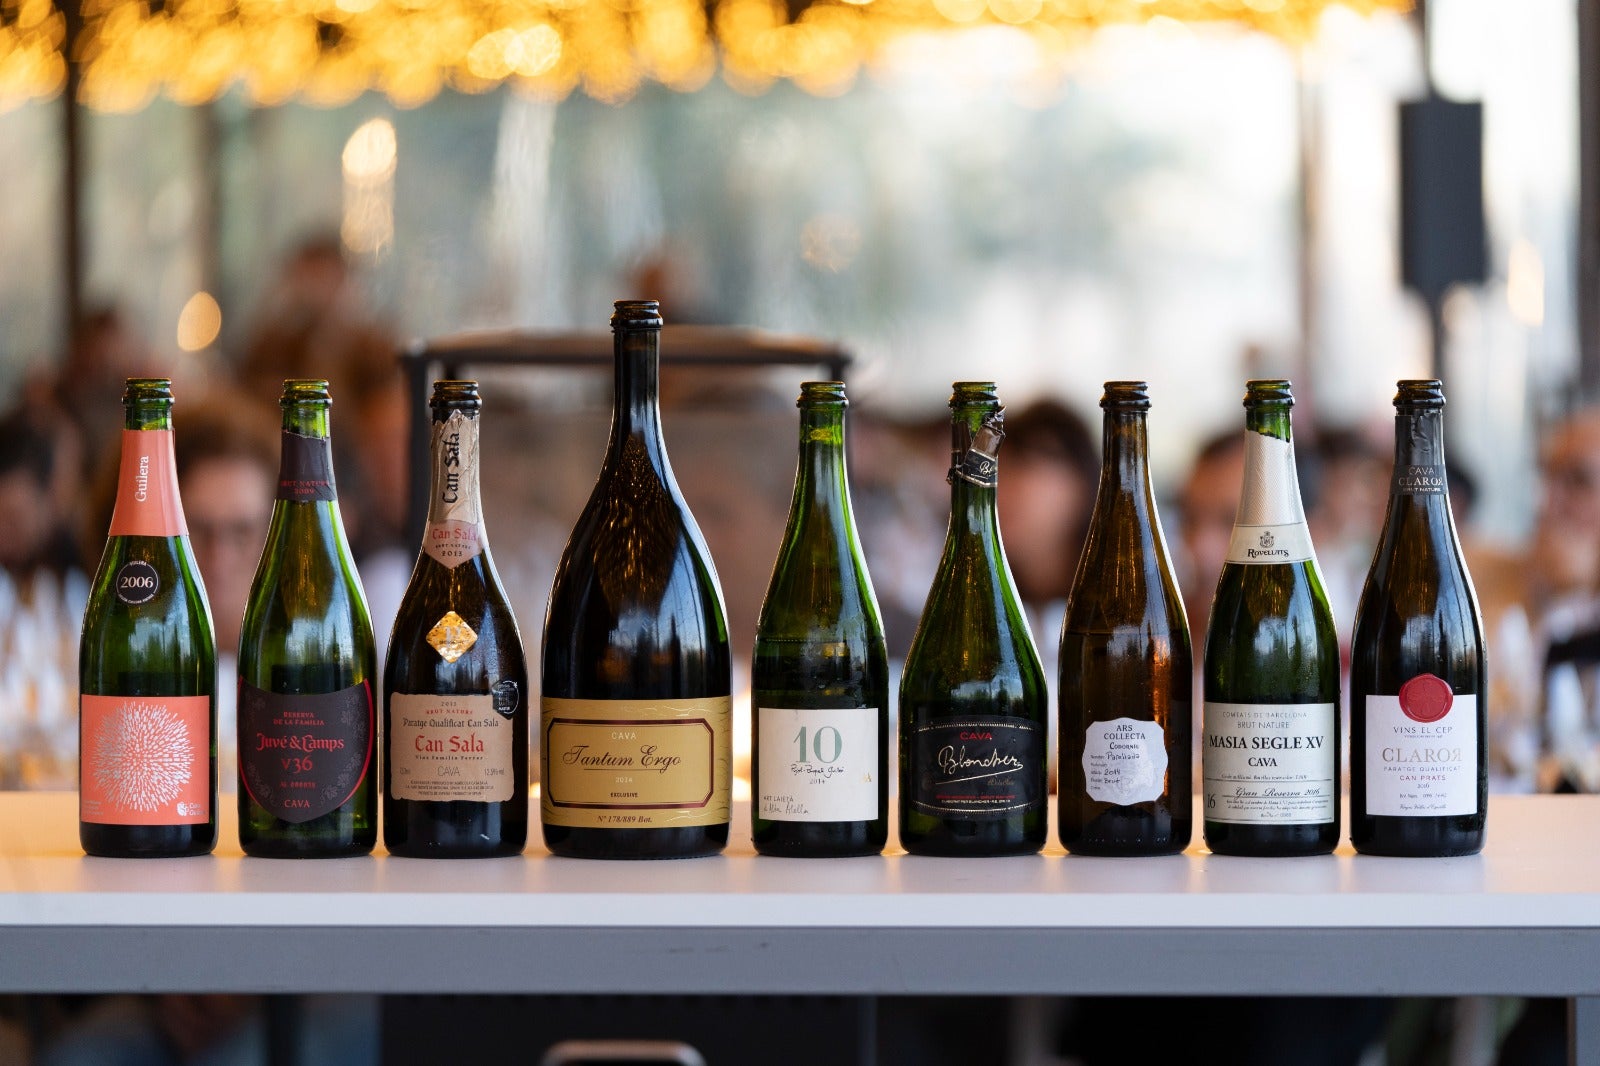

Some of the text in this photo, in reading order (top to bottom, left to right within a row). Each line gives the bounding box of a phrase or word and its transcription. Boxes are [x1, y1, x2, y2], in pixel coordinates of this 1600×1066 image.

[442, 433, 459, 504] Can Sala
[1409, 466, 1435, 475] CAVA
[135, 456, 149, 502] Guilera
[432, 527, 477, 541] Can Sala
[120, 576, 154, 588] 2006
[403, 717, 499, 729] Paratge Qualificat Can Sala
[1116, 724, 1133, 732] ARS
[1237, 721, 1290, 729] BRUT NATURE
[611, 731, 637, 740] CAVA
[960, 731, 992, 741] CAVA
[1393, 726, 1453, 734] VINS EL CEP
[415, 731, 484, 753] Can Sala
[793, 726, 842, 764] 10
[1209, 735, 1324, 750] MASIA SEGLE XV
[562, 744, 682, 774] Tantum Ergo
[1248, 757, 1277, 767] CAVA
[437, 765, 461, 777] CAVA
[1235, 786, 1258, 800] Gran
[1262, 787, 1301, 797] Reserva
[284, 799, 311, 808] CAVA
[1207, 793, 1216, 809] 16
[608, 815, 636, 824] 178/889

The problem: Print every line above exactly as given, but not the pictures.

Solution for this task:
Some of the text in this photo, in reading order (top to bottom, left to right within a row). Each line gives the bounding box of a phrase or word and its transcription. Boxes are [x1, y1, x2, y2], in pixel coordinates of this 1600×1066 image.

[442, 433, 459, 504] Can Sala
[1409, 466, 1435, 475] CAVA
[135, 456, 149, 502] Guilera
[432, 527, 477, 541] Can Sala
[120, 576, 154, 588] 2006
[403, 717, 499, 729] Paratge Qualificat Can Sala
[1116, 724, 1133, 732] ARS
[1237, 721, 1290, 729] BRUT NATURE
[611, 731, 637, 740] CAVA
[960, 731, 992, 741] CAVA
[1393, 726, 1453, 734] VINS EL CEP
[415, 731, 484, 753] Can Sala
[793, 726, 842, 764] 10
[1209, 735, 1324, 750] MASIA SEGLE XV
[562, 744, 682, 774] Tantum Ergo
[1248, 757, 1277, 767] CAVA
[437, 765, 461, 777] CAVA
[1235, 786, 1258, 800] Gran
[1262, 787, 1301, 797] Reserva
[284, 799, 311, 808] CAVA
[1207, 793, 1216, 809] 16
[608, 815, 636, 824] 178/889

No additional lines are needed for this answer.